Senate Bill 373, the Water Resource Protection Act, was drafted and passed last session in response to the January chemical spill at Freedom Industries, which tainted the water supply for hundreds of thousands of West Virginia residents in and around Charleston.

The act requires the registration and inspection of any tank holding 1,320 gallons of liquid, that is 90 percent aboveground and has been in a fixed location for more than 60 days. State officials have estimated as many as 80,000 above-ground storage tanks meet those requirements. Companies also are required to submit spill plans for those tanks.

The intention of the bill was to identify and regulate storage tanks in “zones of critical concern,” those located near drinking water supplies for communities or which contained toxic chemicals which could endanger a community.

But McKinney said in the Legislature’s haste to find those tanks which were potentially dangerous and unknown, the final bill “misses the mark. It’s a lose-lose for everyone.”

One major issue with the requirement is oil and gas storage tanks are being double regulated. Companies in the oil and gas industry already are required by both state and federal code to register and inspect their storage tanks, as well as have emergency response and cleanup plans in place.

“There was this misconception we were not regulated,” McKinney said. “We are well-regulated. Now we’re being over-regulated.”

McKinney said much of the information already had been filed with the state Department of Environmental Protection, but the tank bill required the development of a new database.

“It’s all information the DEP already has, but not in the form they wanted, so we have to do it all over again,” he said.

Hildreth said there is still confusion over who can conduct the inspections. The law originally required a petroleum engineer to sign off on each tank, which would be a time-consuming and expensive process. McKinney pointed out the state doesn’t have enough engineers to inspect all 80,000 tanks, and the DEP lacks the manpower to make sure those inspections occur.
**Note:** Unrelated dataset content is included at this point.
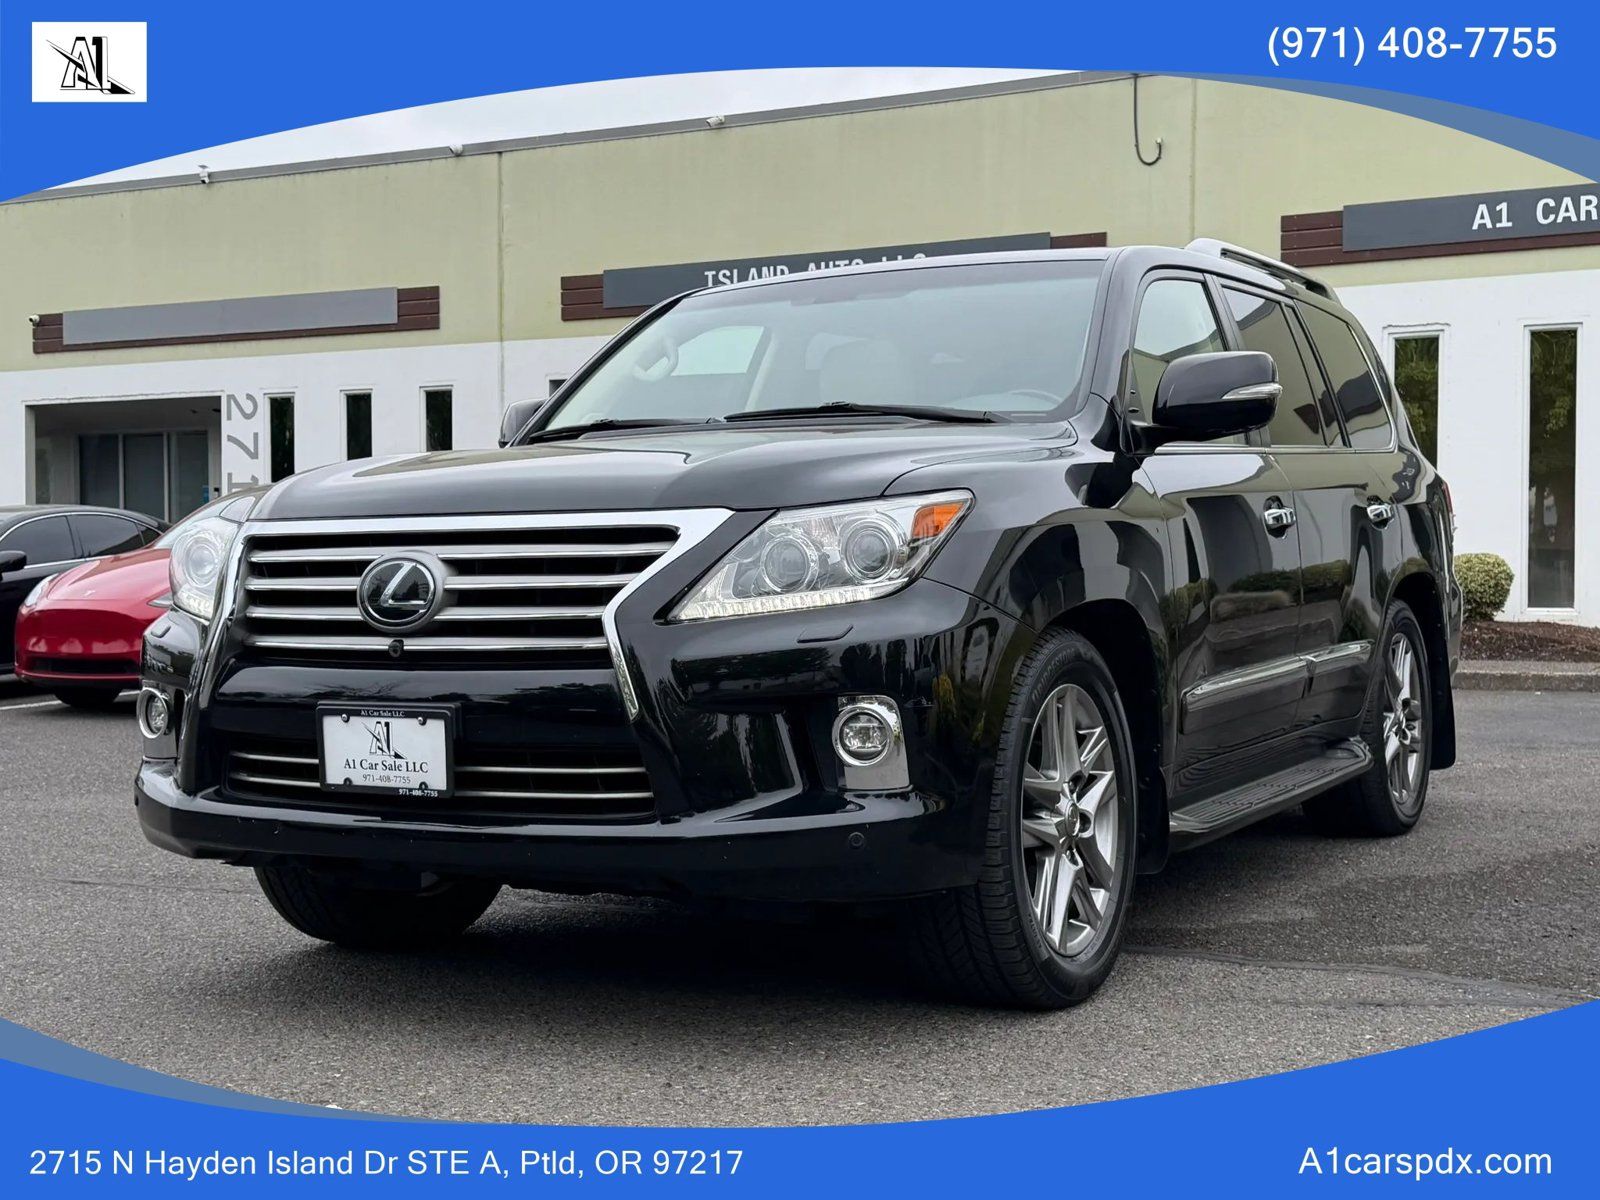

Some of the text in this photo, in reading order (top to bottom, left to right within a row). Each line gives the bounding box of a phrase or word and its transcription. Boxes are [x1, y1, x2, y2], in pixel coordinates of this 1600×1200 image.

[1471, 202, 1513, 230] A1
[343, 758, 429, 773] A1 Car Sale LLC
[362, 774, 411, 784] 971-408-7755
The new regulations also cast a much wider net than the intent of the original bill. McKinney estimates only about 2 percent of EnerVest’s tanks are located within zones of critical concerns, and those tanks contain only oil or brine. Hildreth said he believes about 2-3 percent of his tanks are located in those zones, but won’t know until the DEP cross references their locations.

“I won’t know for sure until they tell me,” he said.

Hildreth said that brings up another issue: While the requirements remain foggy, the deadlines are set in stone. All of the qualifying storage tanks had to be registered in October, and spill plans are due to the DEP today.

Hildreth said he has been forced to re-allocate his company’s resources and manpower just to meet those deadlines.

McKinley also pointed out while all storage tanks must be in compliance by Jan. 1, the legislative session doesn’t begin until Jan. 14. The DEP has issued some emergency rules and guidance, but has deferred some of the decisions until the Legislature can review the law.

“We calculated it, and I could be fined $3 million a day for not being in compliance,” Hildreth said.

Even without the threat of fines, Hildreth said the effort to meet those requirements has taken a toll financially.

“The damage has already happened and is continuing,” he said.

McKinney said IOGA will continue speaking to legislators and the media, urging the Legislature to either exempt the oil and gas storage tanks from the law or enforcing the rules only for those within zones of critical concern.